» What you need to do
With nothing omitted, transcribe the entries exactly as written.

Collected data:

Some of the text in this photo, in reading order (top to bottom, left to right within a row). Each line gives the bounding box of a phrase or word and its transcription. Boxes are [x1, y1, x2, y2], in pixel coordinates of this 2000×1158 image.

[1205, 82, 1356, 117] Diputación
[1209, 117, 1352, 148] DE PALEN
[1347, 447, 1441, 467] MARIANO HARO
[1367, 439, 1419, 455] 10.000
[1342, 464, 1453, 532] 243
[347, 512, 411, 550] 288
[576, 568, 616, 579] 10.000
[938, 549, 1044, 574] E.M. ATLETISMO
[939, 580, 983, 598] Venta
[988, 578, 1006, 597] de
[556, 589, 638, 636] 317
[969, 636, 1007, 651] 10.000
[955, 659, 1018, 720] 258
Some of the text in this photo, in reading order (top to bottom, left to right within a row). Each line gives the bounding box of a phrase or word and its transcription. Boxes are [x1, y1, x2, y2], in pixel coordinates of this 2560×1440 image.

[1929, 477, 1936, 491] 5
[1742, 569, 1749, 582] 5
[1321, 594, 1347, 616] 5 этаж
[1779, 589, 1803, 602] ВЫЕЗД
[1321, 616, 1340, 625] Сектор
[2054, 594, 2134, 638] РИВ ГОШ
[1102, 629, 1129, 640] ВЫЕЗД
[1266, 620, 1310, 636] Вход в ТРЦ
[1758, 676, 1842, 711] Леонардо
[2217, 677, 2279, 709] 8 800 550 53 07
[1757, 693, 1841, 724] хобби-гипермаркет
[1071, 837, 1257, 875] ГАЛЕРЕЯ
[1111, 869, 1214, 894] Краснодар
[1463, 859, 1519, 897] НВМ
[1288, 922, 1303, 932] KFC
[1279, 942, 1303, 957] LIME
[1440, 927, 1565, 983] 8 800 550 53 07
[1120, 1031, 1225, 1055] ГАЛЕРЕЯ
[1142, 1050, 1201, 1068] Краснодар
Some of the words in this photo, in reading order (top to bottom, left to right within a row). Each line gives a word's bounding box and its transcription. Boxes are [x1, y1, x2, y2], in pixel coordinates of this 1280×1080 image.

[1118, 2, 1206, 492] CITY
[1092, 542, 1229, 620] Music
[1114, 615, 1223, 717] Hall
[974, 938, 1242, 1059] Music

» Answer box
Some of the text in this photo, in reading order (top to bottom, left to right within a row). Each line gives the bounding box of a phrase or word and its transcription. Boxes are [x1, y1, x2, y2], in pixel coordinates of this 2000×1158 image.

[1205, 82, 1356, 117] Diputación
[1209, 117, 1352, 148] DE PALEN
[1347, 447, 1441, 467] MARIANO HARO
[1367, 439, 1419, 455] 10.000
[1342, 464, 1453, 532] 243
[347, 512, 411, 550] 288
[576, 568, 616, 579] 10.000
[938, 549, 1044, 574] E.M. ATLETISMO
[939, 580, 983, 598] Venta
[988, 578, 1006, 597] de
[556, 589, 638, 636] 317
[969, 636, 1007, 651] 10.000
[955, 659, 1018, 720] 258
Some of the text in this photo, in reading order (top to bottom, left to right within a row). Each line gives the bounding box of a phrase or word and its transcription. Boxes are [x1, y1, x2, y2], in pixel coordinates of this 2560×1440 image.

[1929, 477, 1936, 491] 5
[1742, 569, 1749, 582] 5
[1321, 594, 1347, 616] 5 этаж
[1779, 589, 1803, 602] ВЫЕЗД
[1321, 616, 1340, 625] Сектор
[2054, 594, 2134, 638] РИВ ГОШ
[1102, 629, 1129, 640] ВЫЕЗД
[1266, 620, 1310, 636] Вход в ТРЦ
[1758, 676, 1842, 711] Леонардо
[2217, 677, 2279, 709] 8 800 550 53 07
[1757, 693, 1841, 724] хобби-гипермаркет
[1071, 837, 1257, 875] ГАЛЕРЕЯ
[1111, 869, 1214, 894] Краснодар
[1463, 859, 1519, 897] НВМ
[1288, 922, 1303, 932] KFC
[1279, 942, 1303, 957] LIME
[1440, 927, 1565, 983] 8 800 550 53 07
[1120, 1031, 1225, 1055] ГАЛЕРЕЯ
[1142, 1050, 1201, 1068] Краснодар
Some of the words in this photo, in reading order (top to bottom, left to right within a row). Each line gives a word's bounding box and its transcription. Boxes are [x1, y1, x2, y2], in pixel coordinates of this 1280×1080 image.

[1118, 2, 1206, 492] CITY
[1092, 542, 1229, 620] Music
[1114, 615, 1223, 717] Hall
[974, 938, 1242, 1059] Music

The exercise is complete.